Kedua, adalah soal krisis energi yang sampai saat ini belum reda. Krisis energi kini disebut sudah mulai merambah ke AS.

Di tengah banyaknya sentimen global yang cenderung negatif, sebenarnya ada juga sentimen positif yang datang dari dalam negeri.

Penambahan kasus positif Covid-19 di Indonesia pada Senin (11/10) turun cukup drastis. Konfirmasi kasus positif Covid-19 hanya bertambah 620 kasus. Jumlah ini mirip yang terjadi pada awal pandemi lalu sekitar Juni 2020.

Sementara, rupiah mengakhiri perdagangan di pasar spot di Rp 14.220/US$, melemah 0,07% dibandingkan dengan penutupan perdagangan Senin.

Kecuali di awal Oktober, ketika sempat ke atas Rp 14.300/US$, rupiah sebenarnya bergerak dalam rentang perdagangan di kisaran Rp 14.170/US$ hingga US$ 14.275/US$. Sejak awal September, rupiah selalu bergerak dalam rentang tersebut, atau disebut sideways.

Pergerakan tersebut sebenarnya menunjukkan sentimen terhadap rupiah cukup bagus, tetapi pelaku pasar juga menimbang-nimbang kemana arah dolar AS merespon tapering atau pengurangan nilai program pembelian aset (quantitative easing/QE) yang akan dilakukan bank sentral AS (The Fed) di tahun ini.

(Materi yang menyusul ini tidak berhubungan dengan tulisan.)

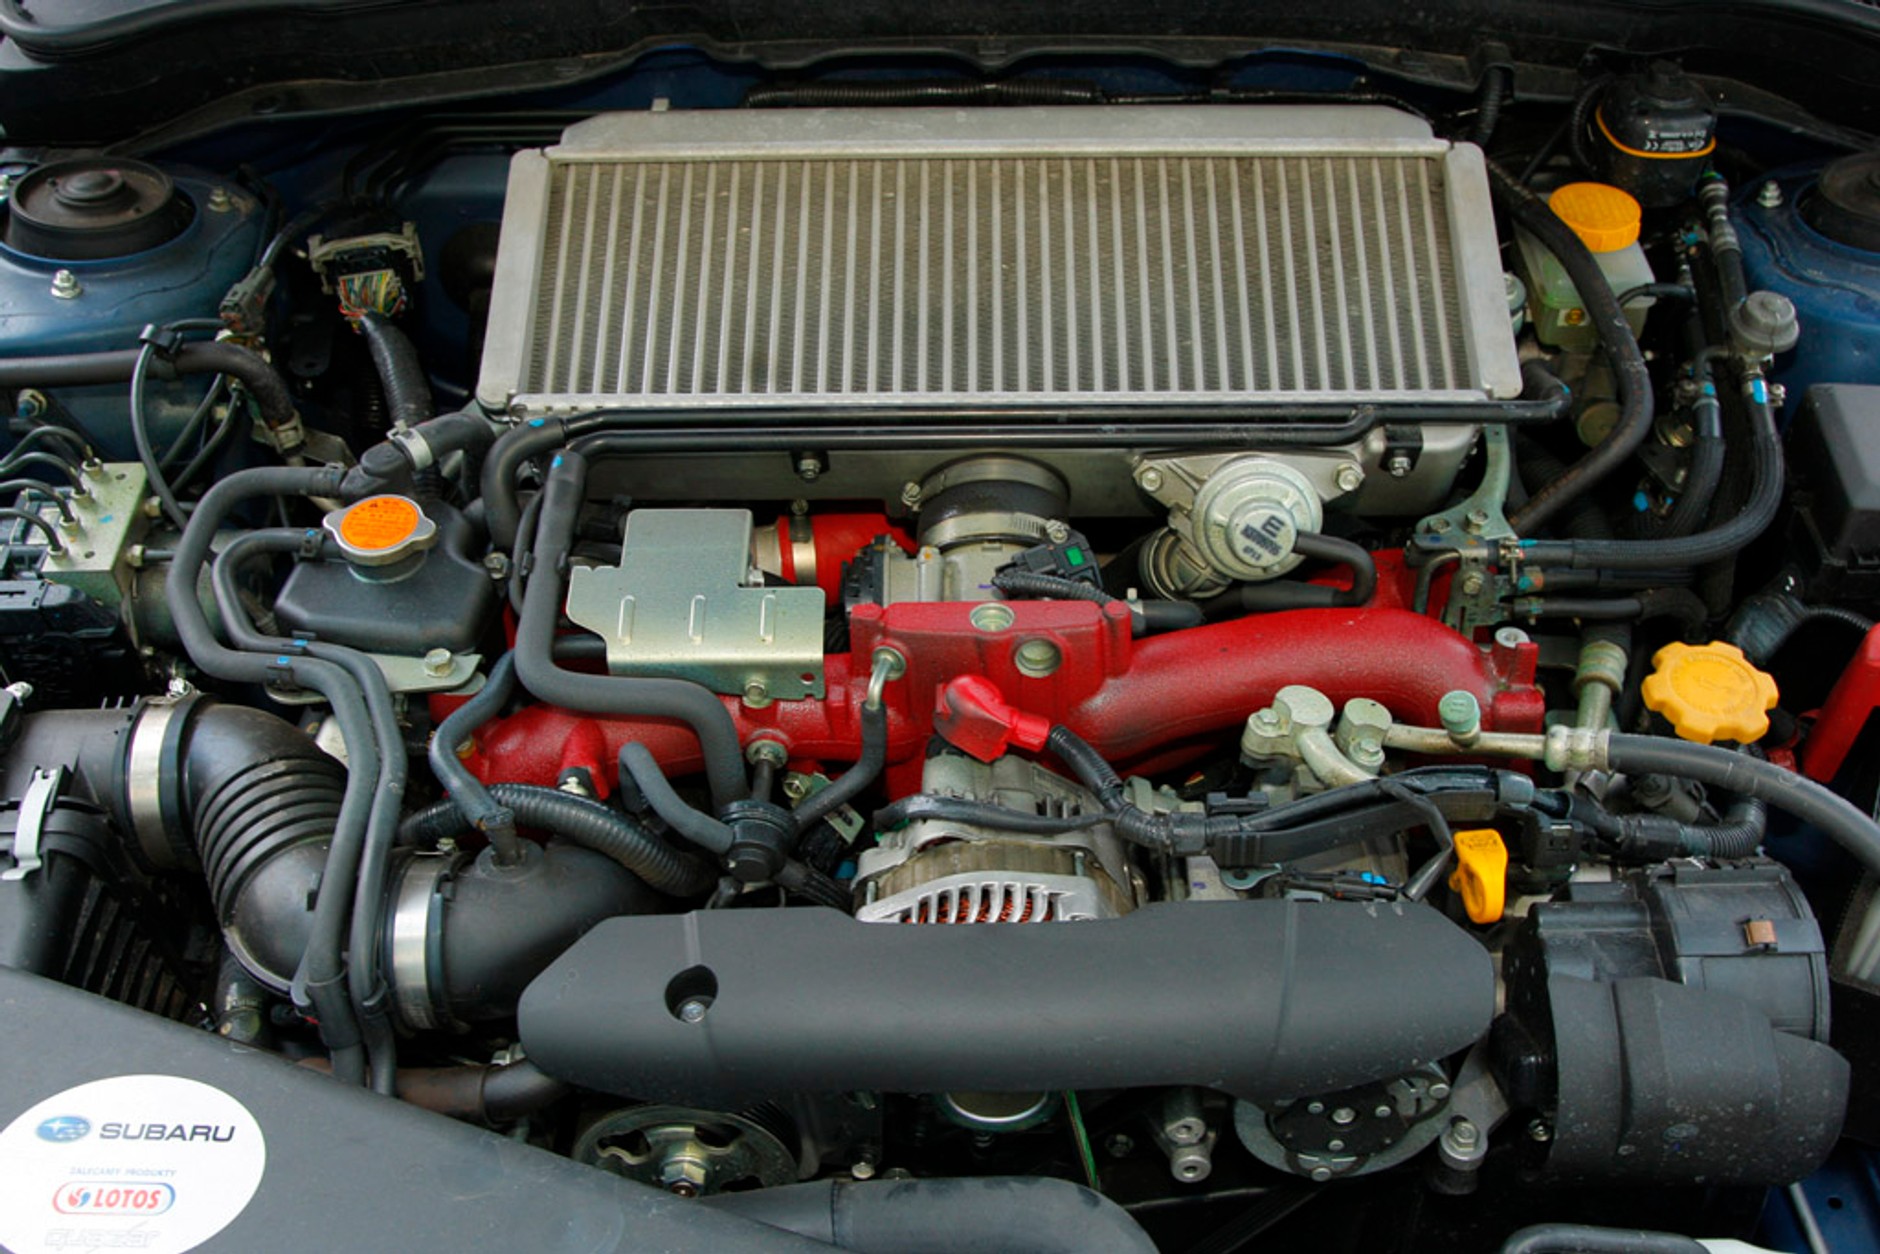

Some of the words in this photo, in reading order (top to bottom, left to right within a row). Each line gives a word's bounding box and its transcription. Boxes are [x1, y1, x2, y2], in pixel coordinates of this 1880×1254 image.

[99, 1122, 235, 1142] SUBARU
[124, 1168, 177, 1178] PRODUKTY
[93, 1188, 161, 1210] LOTOS

Tapering pasti akan dilakukan, yang pengumumannya diperkirakan akan dilakukan bulan depan, dan eksekusi pertama di bulan Desember.

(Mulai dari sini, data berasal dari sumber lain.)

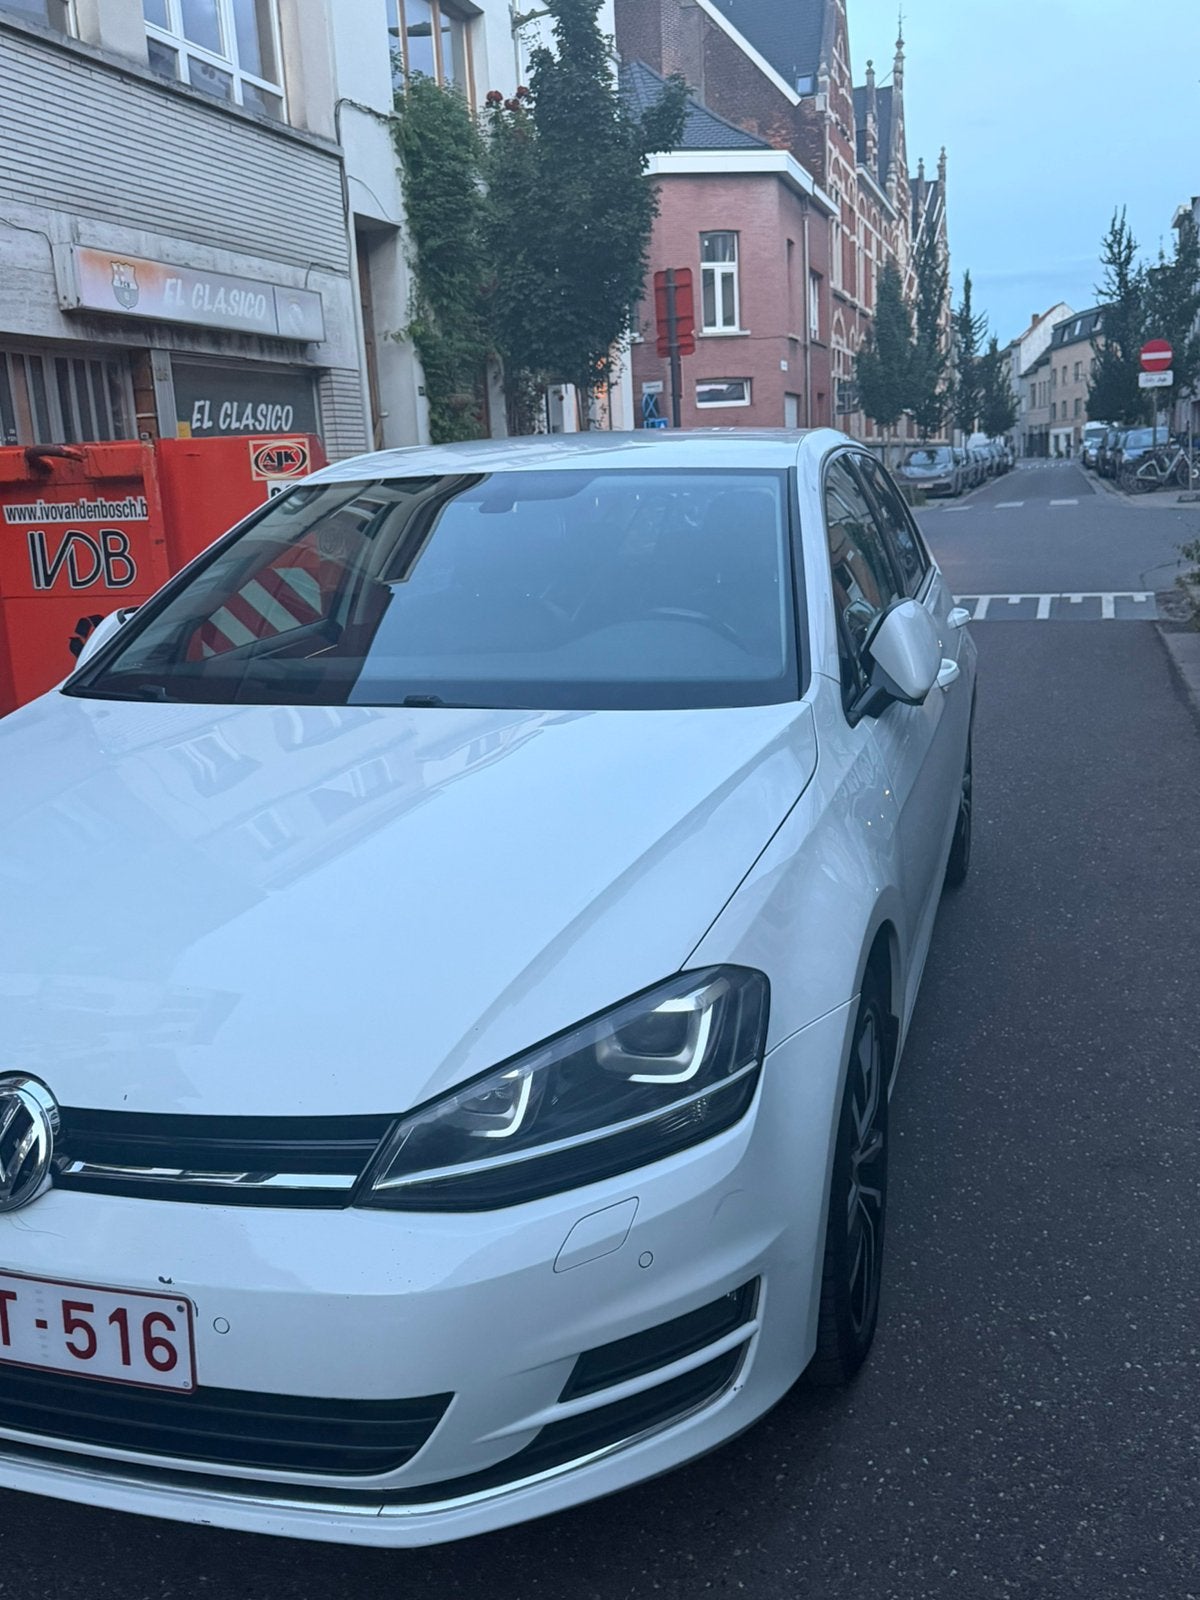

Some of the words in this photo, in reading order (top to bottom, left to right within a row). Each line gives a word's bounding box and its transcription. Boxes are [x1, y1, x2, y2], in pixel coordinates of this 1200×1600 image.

[163, 278, 185, 306] EL
[192, 282, 266, 319] CLASICO
[192, 400, 213, 429] EL
[219, 401, 293, 431] CLASICO
[262, 450, 298, 469] AJK
[0, 1289, 178, 1372] T-516

Para pejabat The Fed termasuk sang ketua Jerome Powell sudah sepakat untuk melakukan tapering di tahun ini, tetapi masih ada perbedaan pendapat kapan suku bunga akan dinaikkan, apakah akhir tahun depan atau di tahun 2023.

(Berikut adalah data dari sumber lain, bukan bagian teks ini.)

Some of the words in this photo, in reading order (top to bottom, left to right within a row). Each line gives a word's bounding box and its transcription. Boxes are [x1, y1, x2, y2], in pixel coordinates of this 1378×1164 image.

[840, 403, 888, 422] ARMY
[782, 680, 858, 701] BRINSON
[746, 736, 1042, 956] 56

Sementara itu, harga mayoritas obligasi pemerintah atau Surat Berharga Negara (SBN) berbalik menguat pada perdagangan Selasa kemarin, di tengah sentimen negatif di pasar keuangan global--seperti krisis energi hingga kasus EvergrandeĀ di atas--yang menekan pergerakan pasar saham Asia danĀ AS.

Mayoritas investor kembali memburu SBN pada Selaa, ditandai dengan turunnya imbal hasil (yield). Hanya SBN bertenor 10 dan 20 tahun yang masih dilepas oleh investor dan mengalami kenaikan yield.

Melansir data dari Refinitiv, yield SBN bertenor 10 tahun yang merupakan yield acuan obligasi negara kembali menguat 0,9 basis poin (bp) ke level 6,372%. Sedangkan untuk yield SBN berjatuh tempo 20 tahun naik 3,3 bp ke level 7,23. Sementara itu, yield SBN dengan tenor 25 tahun cenderung stagnan di level 7,189% pada perdagangan Selasa.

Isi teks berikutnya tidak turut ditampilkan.